Ruth Runciman, Viscountess Runciman of Doxford (née Hellman; born 9 January 1936), known as Dame Ruth Runciman, is a former Chair of the British Mental Health Act Commission.

==Early life==
Ruth Hellman was born to a Jewish family and educated at Roedean School in Johannesburg, and the Witwatersrand University, also in Johannesburg, where she gained a baccalaureate degree. She then matriculated at Girton College, Cambridge, in England.

==Career==
Runciman became active in public life after marriages and children. In 1981, she was one of the founders of the Prison Reform Trust and was responsible for setting up a full-time Citizens' Advice Bureau in Wormwood Scrubs, the first full-time independent advice agency in any prison. She also became a Trustee of the Pilgrim Trust and the National AIDS Trust (now known as NAT), and chaired it from 2000 to 2006.

For more than three decades, Runciman worked with the Citizens Advice Bureau and made significant contributions to work on drug misuse.
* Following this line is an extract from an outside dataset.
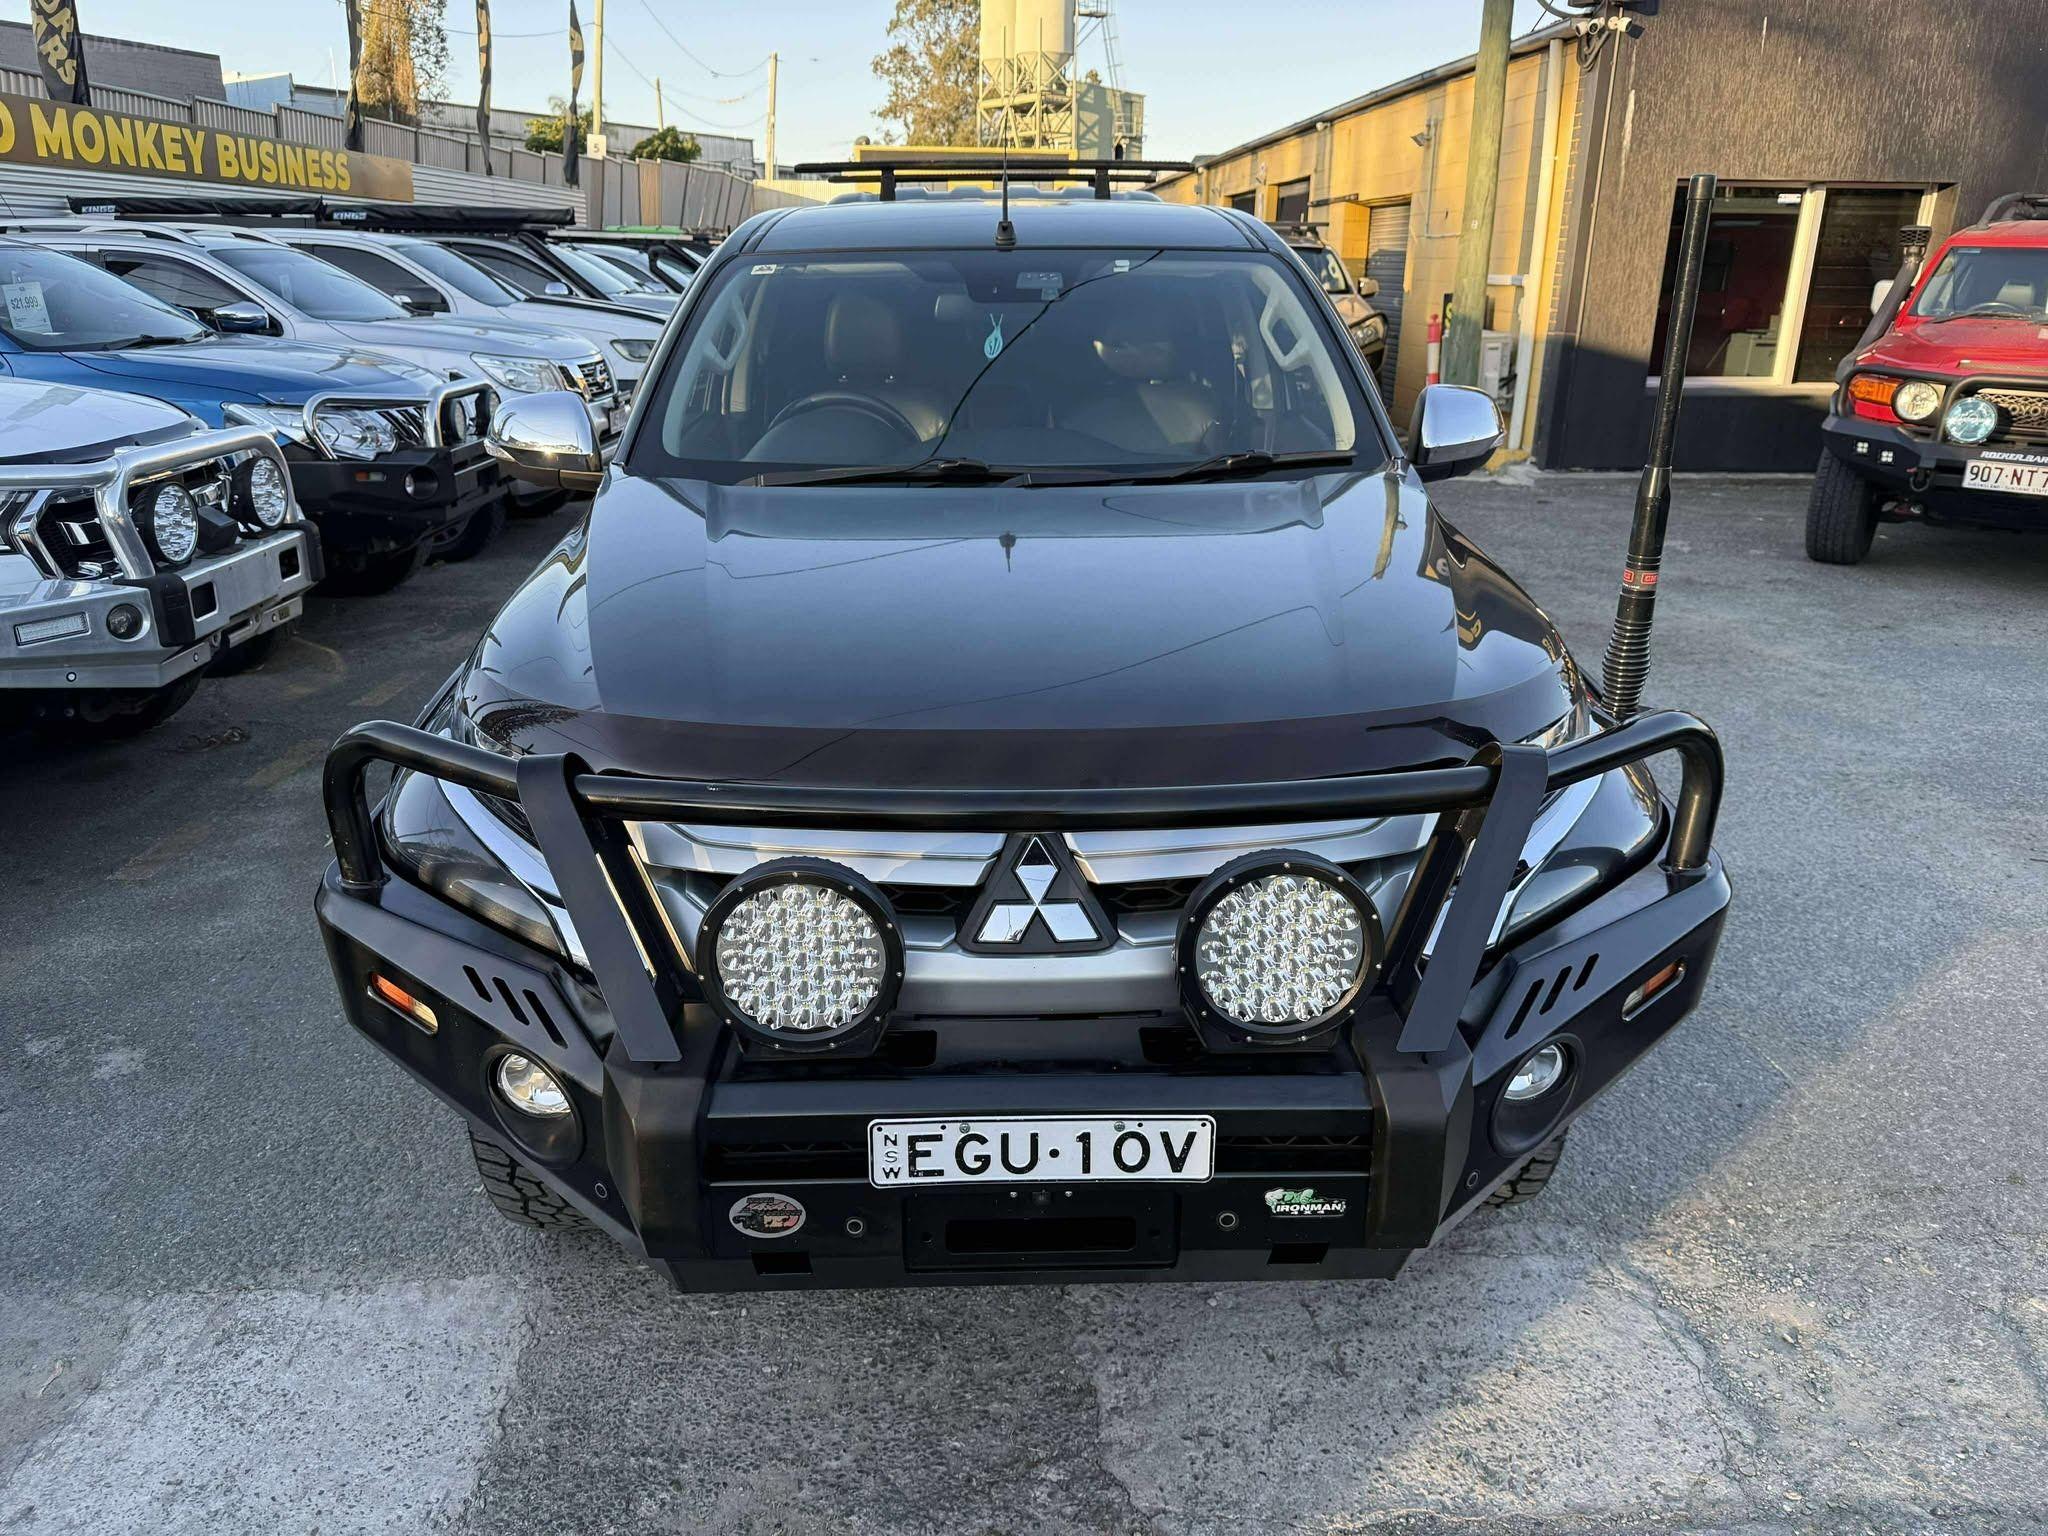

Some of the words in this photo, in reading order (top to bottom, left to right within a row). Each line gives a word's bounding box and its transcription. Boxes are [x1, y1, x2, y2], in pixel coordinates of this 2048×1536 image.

She was Chair of Central and North West London NHS Foundation Trust for more than ten years, retiring at the end of 2013.

==Personal life==
Between 1959 and 1962 she was married to Denis Mack Smith, a Cambridge historian of the Italian "Risorgimento".

In 1963, she married the British sociologist Walter Garrison Runciman, becoming Viscountess Runciman of Doxford, a title she does not use. Runciman died on 10 December 2020. Their son David, who then inherited the peerage, was until 2024 a professor of politics at the University of Cambridge.

==Honours==
- Officer of the Order of the British Empire, 1991.
- Dame Commander of the Order of the British Empire, 1998, for services to mental health.
- Honorary Fellow of the University of Central Lancashire, 2000.